Work request →
Could you transcribe every record below exactly as written, leaving out any pictures?

Provided material →
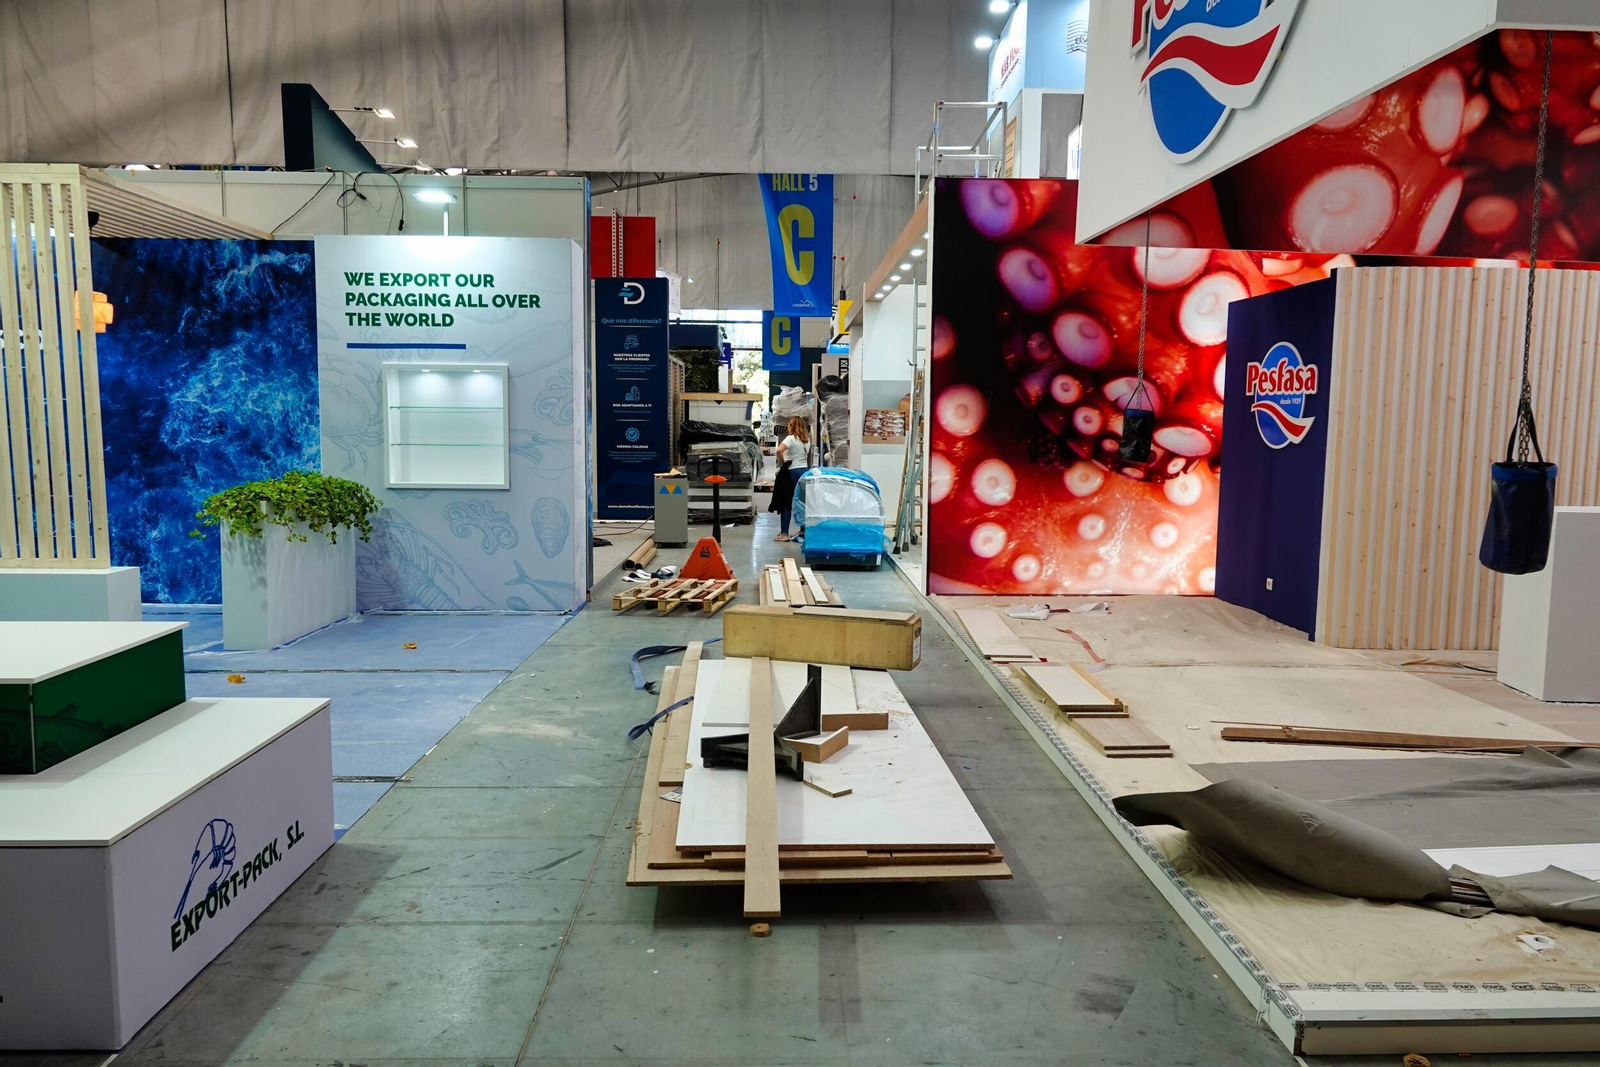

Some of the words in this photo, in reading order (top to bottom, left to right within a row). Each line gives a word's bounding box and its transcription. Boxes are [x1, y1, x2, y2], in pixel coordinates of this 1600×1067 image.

[772, 173, 805, 191] HALL
[809, 173, 818, 191] 5
[778, 204, 814, 285] C
[344, 271, 375, 287] WE
[379, 272, 451, 287] EXPORT
[455, 273, 495, 288] OUR
[345, 292, 451, 307] PACKAGING
[454, 293, 489, 308] ALL
[492, 294, 541, 308] OVER
[345, 312, 381, 327] THE
[385, 313, 454, 327] WORLD
[771, 316, 791, 355] C
[1246, 358, 1317, 395] Pesfasa
[1280, 397, 1292, 405] desde
[171, 837, 282, 952] EXPORT-PACK,
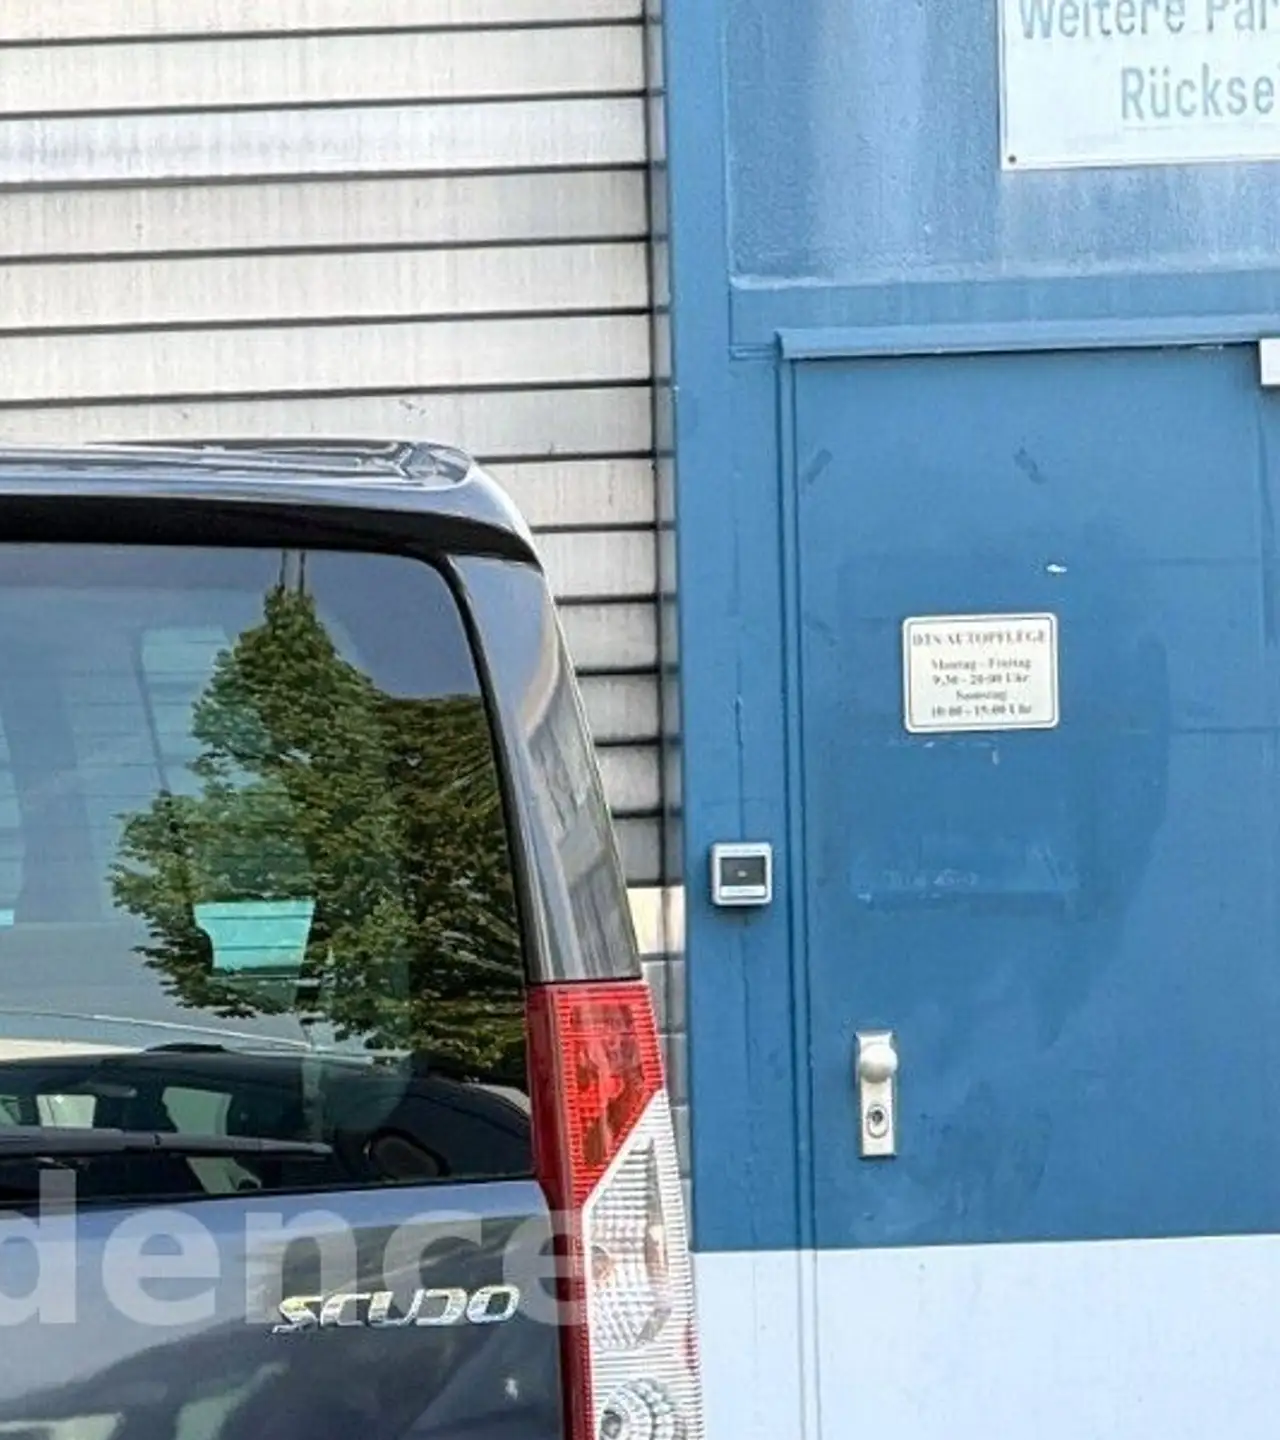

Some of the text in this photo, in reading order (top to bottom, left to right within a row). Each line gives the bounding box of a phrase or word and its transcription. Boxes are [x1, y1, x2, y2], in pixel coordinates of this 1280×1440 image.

[1020, 0, 1186, 39] Weitere
[1120, 62, 1280, 120] Rückse
[271, 1284, 520, 1334] SCUDO
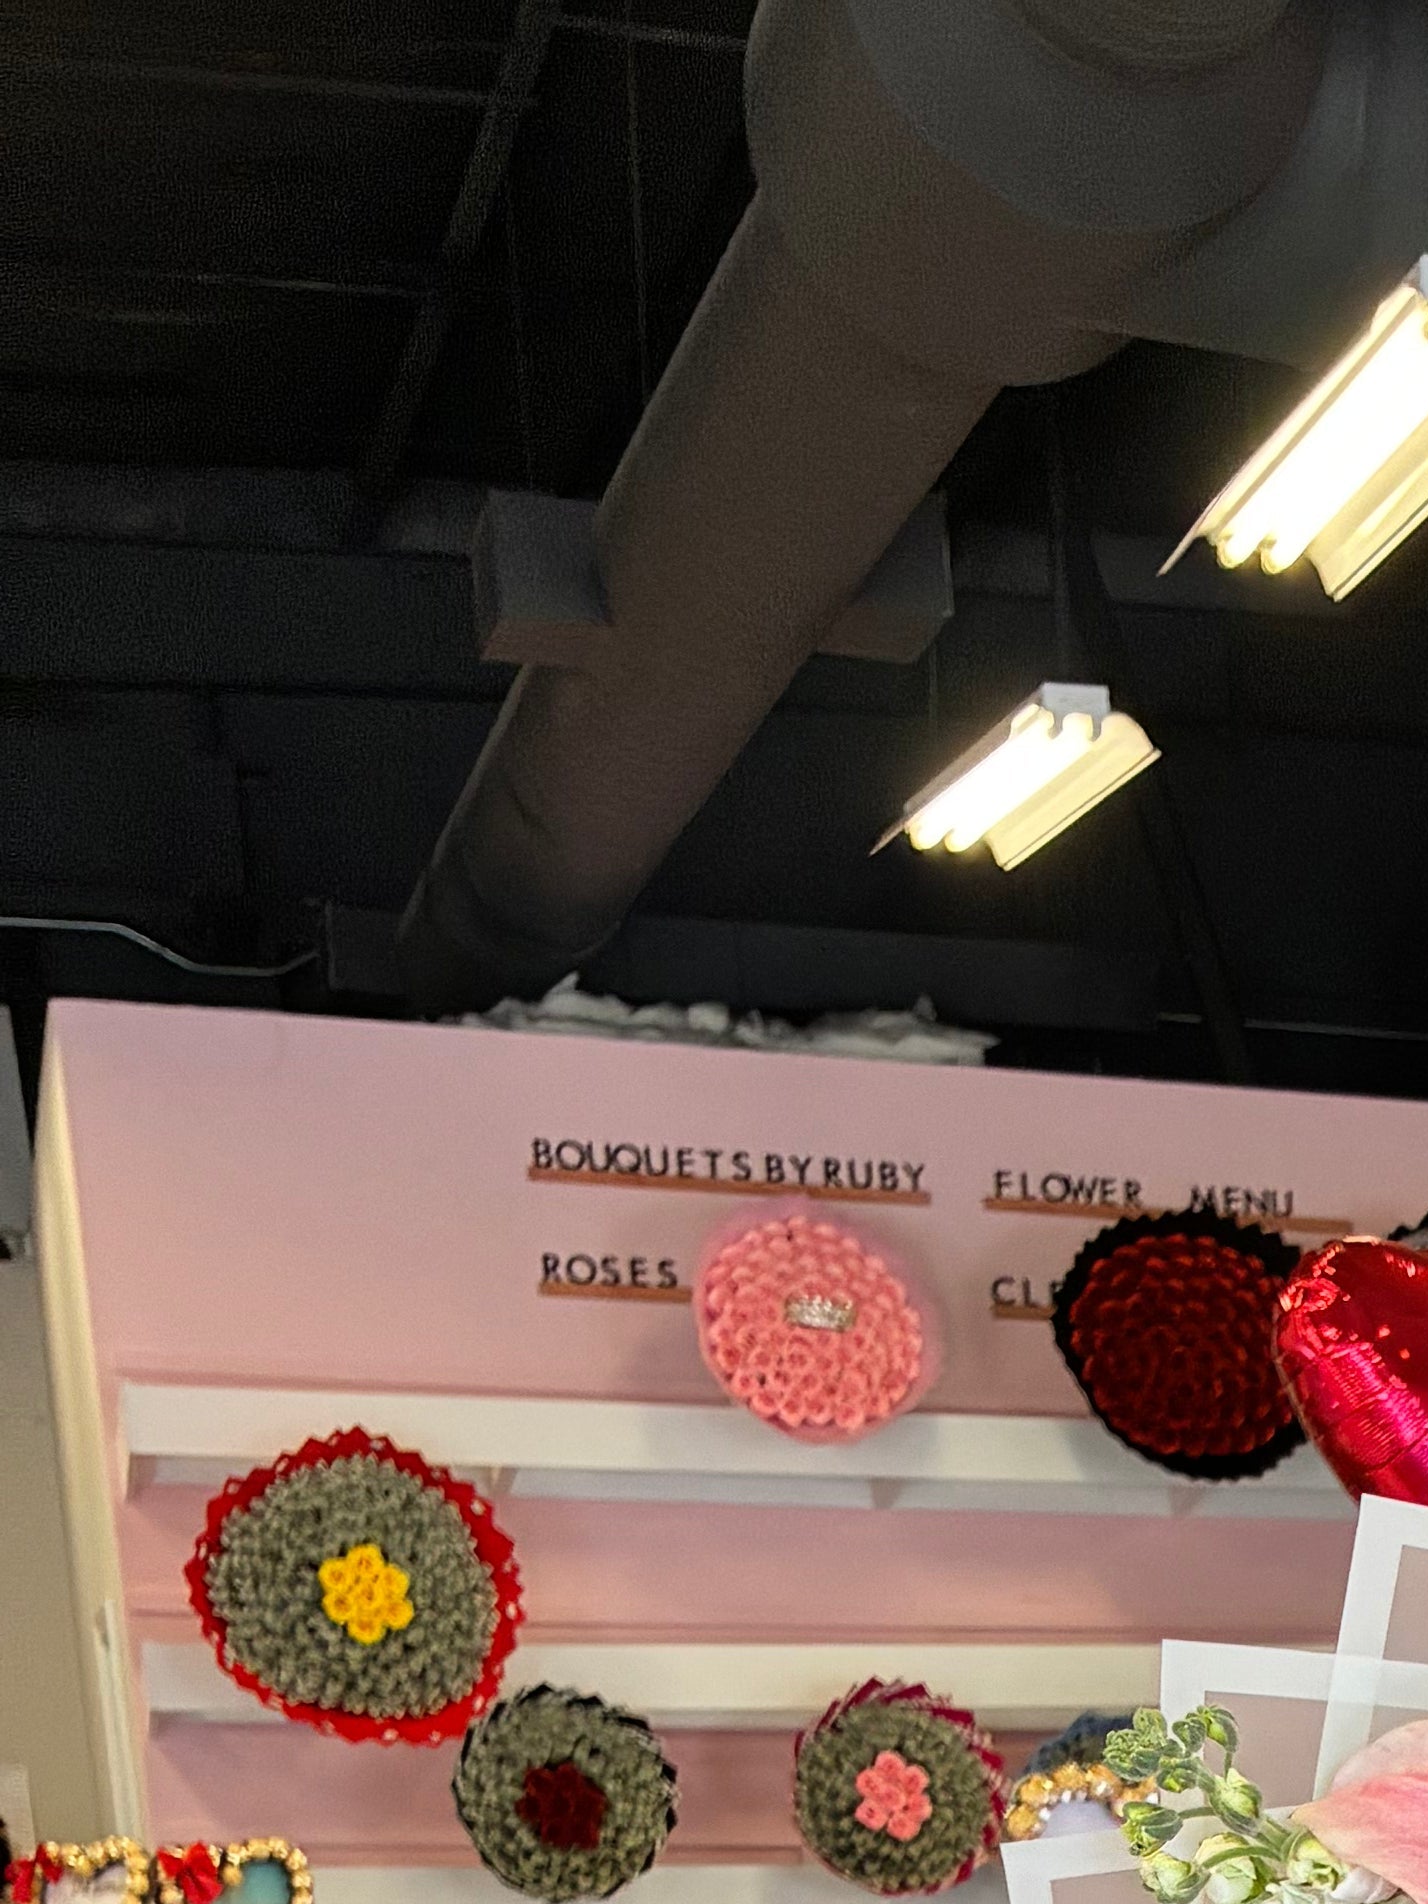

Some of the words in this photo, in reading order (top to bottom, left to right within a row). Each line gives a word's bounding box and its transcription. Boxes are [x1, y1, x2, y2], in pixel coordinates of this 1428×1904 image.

[531, 1137, 752, 1182] BOUQUETS
[764, 1150, 812, 1186] BY
[823, 1156, 926, 1193] RUBY
[993, 1170, 1143, 1208] FLOWER
[1190, 1185, 1294, 1218] MENU
[541, 1251, 679, 1290] ROSES
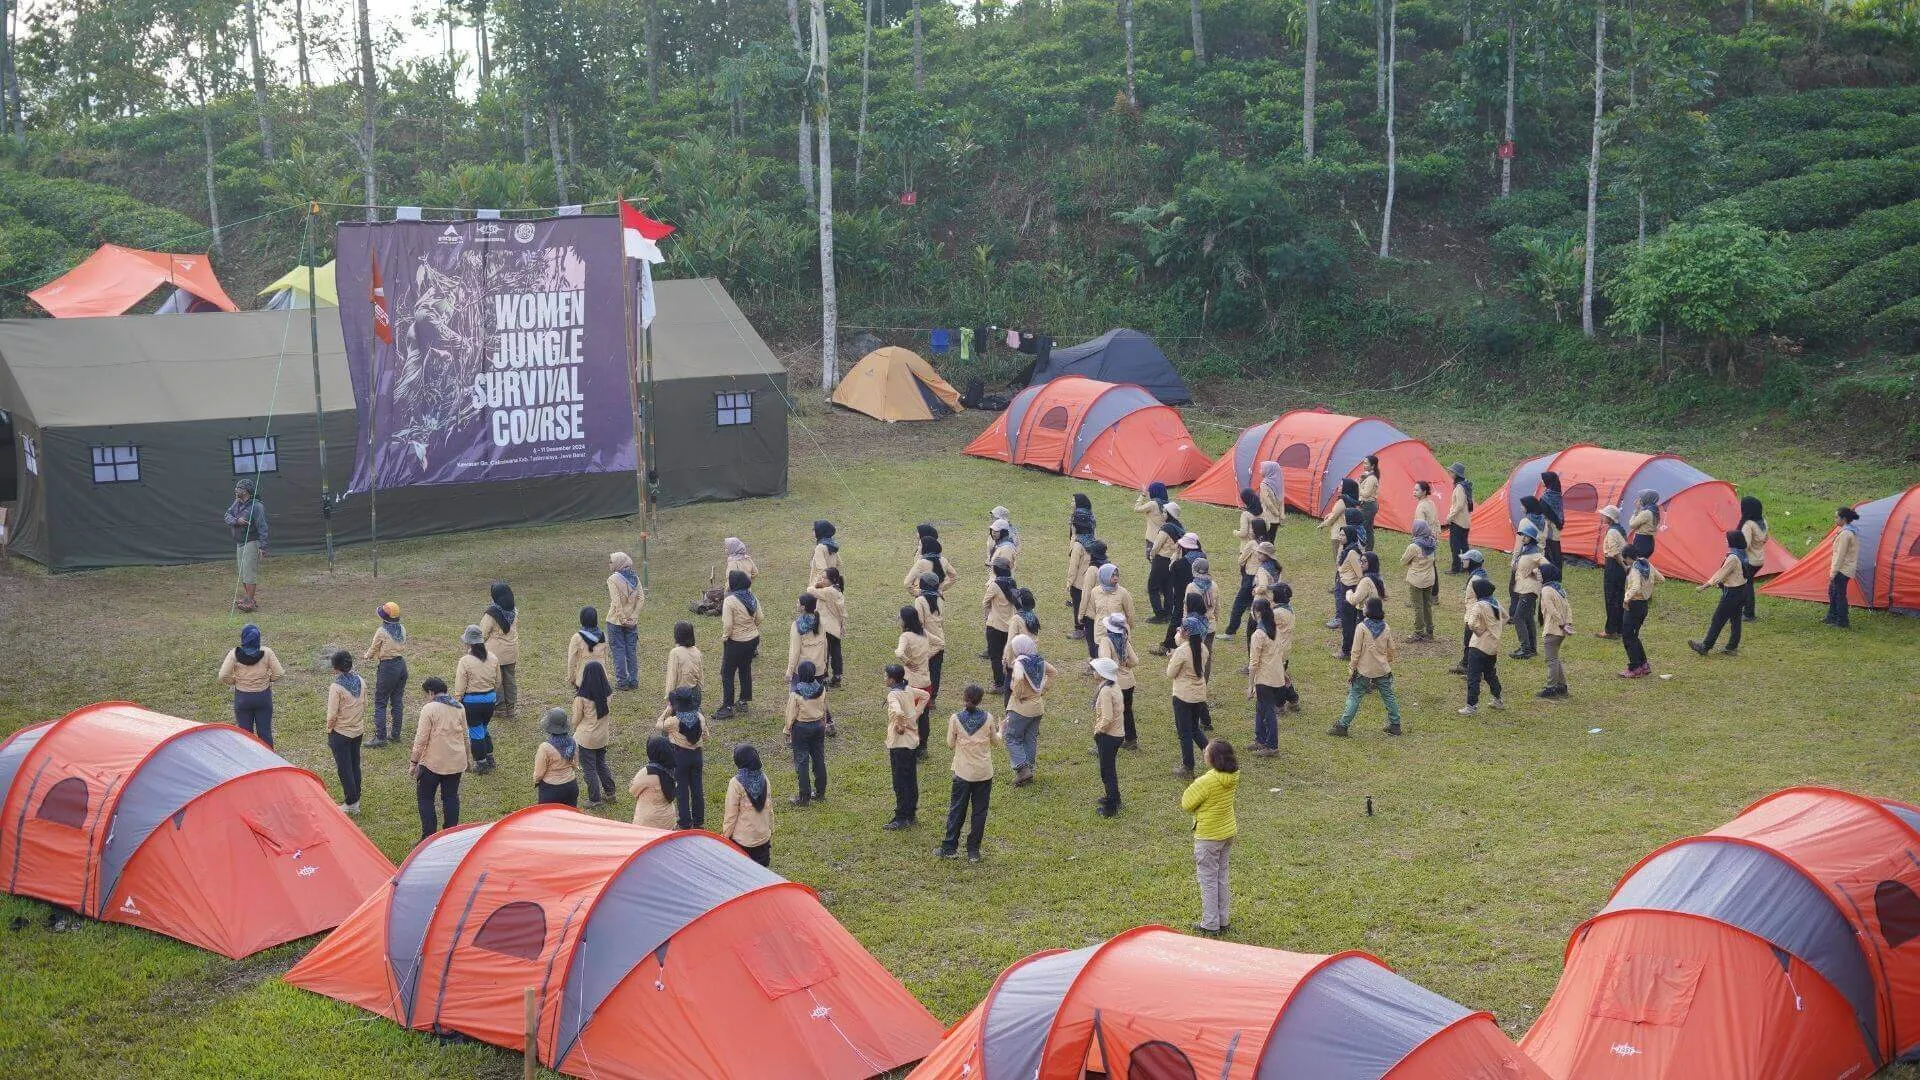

Answer to the exercise →
Some of the words in this photo, in reading order (top to bottom, left to right within a row). Each line gives a word's bounding box and its transcription. Boxes are [x1, y1, x2, y2], in pixel coordinates of this 1600×1067 image.

[772, 173, 805, 191] HALL
[809, 173, 818, 191] 5
[778, 204, 814, 285] C
[344, 271, 375, 287] WE
[379, 272, 451, 287] EXPORT
[455, 273, 495, 288] OUR
[345, 292, 451, 307] PACKAGING
[454, 293, 489, 308] ALL
[492, 294, 541, 308] OVER
[345, 312, 381, 327] THE
[385, 313, 454, 327] WORLD
[771, 316, 791, 355] C
[1246, 358, 1317, 395] Pesfasa
[1280, 397, 1292, 405] desde
[171, 837, 282, 952] EXPORT-PACK,

Some of the text in this photo, in reading order (top to bottom, left to right within a row). Each line gives the bounding box of a phrase or word and its transcription. Boxes are [x1, y1, x2, y2], in pixel coordinates of this 1280×1440 image.

[1020, 0, 1186, 39] Weitere
[1120, 62, 1280, 120] Rückse
[271, 1284, 520, 1334] SCUDO

Some of the words in this photo, in reading order (top to bottom, left to right within a row). Each line gives a word's bounding box and its transcription. Boxes are [x1, y1, x2, y2], in pixel coordinates of this 1428×1904 image.

[531, 1137, 752, 1182] BOUQUETS
[764, 1150, 812, 1186] BY
[823, 1156, 926, 1193] RUBY
[993, 1170, 1143, 1208] FLOWER
[1190, 1185, 1294, 1218] MENU
[541, 1251, 679, 1290] ROSES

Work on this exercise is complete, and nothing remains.